I feel like it was not the best manners. I feel like she is doll and sweet and we would love each other if I had not just gotten feisty. I feel like it needed to be said.

Of course, I waved her back over 15 minutes later and asked her to forgive me for having been so heated.  She did. I asked her not be afraid of me and that I was really a super nice person.  But, at this point with the Modules, our district wants us to use, with adopted curriculum that does not support the Common Core, I need Module Direction.  No more wandering in the woods. I need the map (Modules), training on how to use the map, and a canteen filled with vodka. Cause tomorrow I have to teach this and understand it myself.

I am pretty sure she forgives me. I am pretty sure the ladies at my table survived seeing this. (Apparently, I made quite and impression on them. They all work at my husband’s school and ran to his room this morning to tell him they “had no idea Katie had such a feisty side!”)

trainings can be really hard

I am going to survive the roll out of the Modules. I am going to keep creating along the way because the consensus was you CAN’T use the math program for a couple of these standards. I am pretty sure my son will survive all this too. 

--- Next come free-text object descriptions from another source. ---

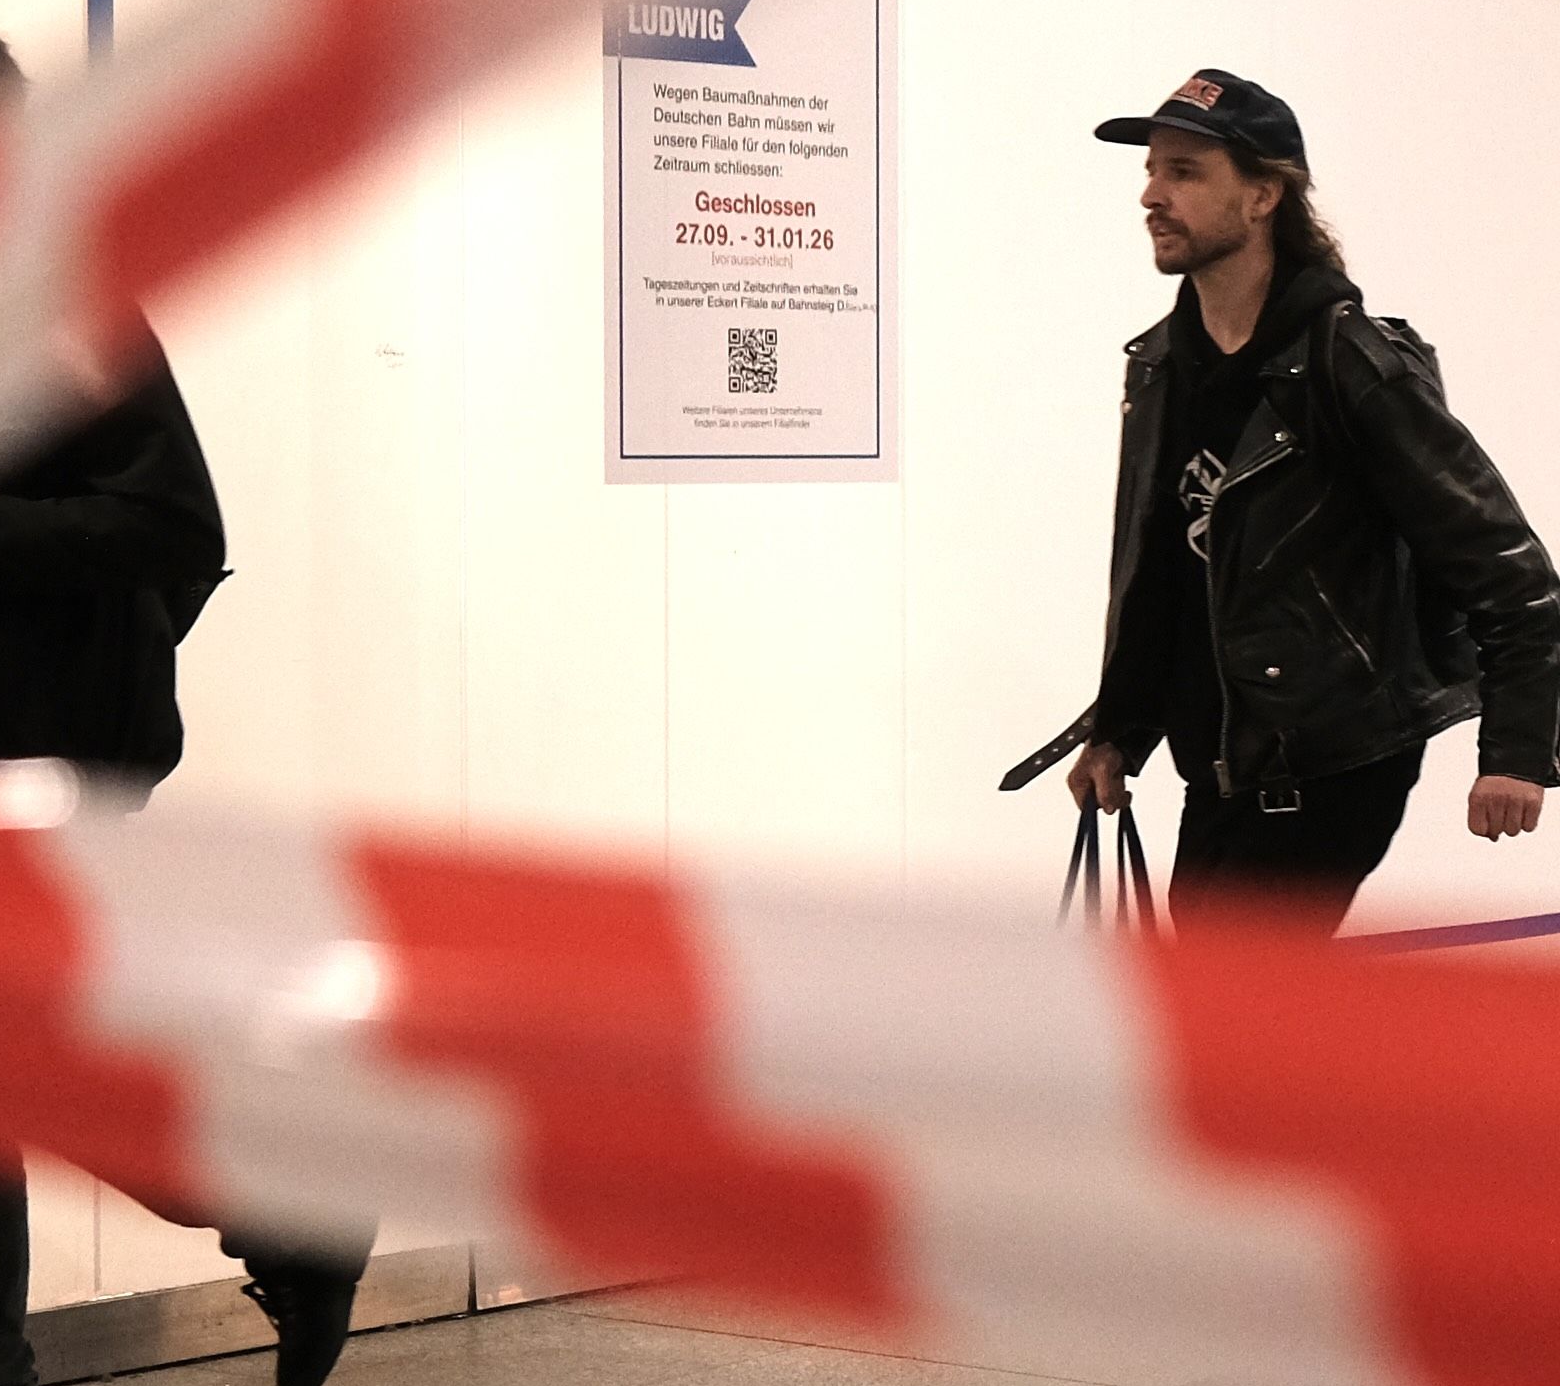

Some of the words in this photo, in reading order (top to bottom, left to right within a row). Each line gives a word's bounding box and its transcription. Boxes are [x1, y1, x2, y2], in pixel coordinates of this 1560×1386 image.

[628, 4, 725, 41] LUDWIG
[653, 83, 698, 103] Wegen
[702, 87, 805, 109] Baumaßnahmen
[809, 95, 829, 111] der
[654, 107, 722, 126] Deutschen
[728, 112, 760, 129] Bahn
[765, 117, 812, 133] müssen
[818, 119, 835, 134] wir
[653, 134, 697, 149] unsere
[702, 134, 738, 151] Filiale
[742, 137, 759, 152] für
[762, 139, 785, 155] den
[789, 140, 849, 159] folgenden
[653, 155, 710, 173] Zeitraum
[714, 160, 783, 178] schliessen:
[695, 190, 816, 217] Geschlossen
[676, 222, 734, 247] 27.09.
[754, 226, 834, 250] 31.01.26
[643, 277, 719, 294] Tageszeitungen
[722, 280, 740, 293] und
[708, 296, 738, 309] Eckert

For now I am going to add as much common sense, compassion, and engagement to the Common Core as possible.  And I am also going to go find the Zen that ran away and hid during the ink crisis. I am pretty sure I saw it hiding in my bathtub. I plan to add bubbles and water to the Zen and soak all of it up.

Please tell me, do you experience more crisis over the Common Core or your district’s interpretation of the Common Core?  What do you remind yourself when you start to feel twitchy? Do you have a Zen-ism… please share!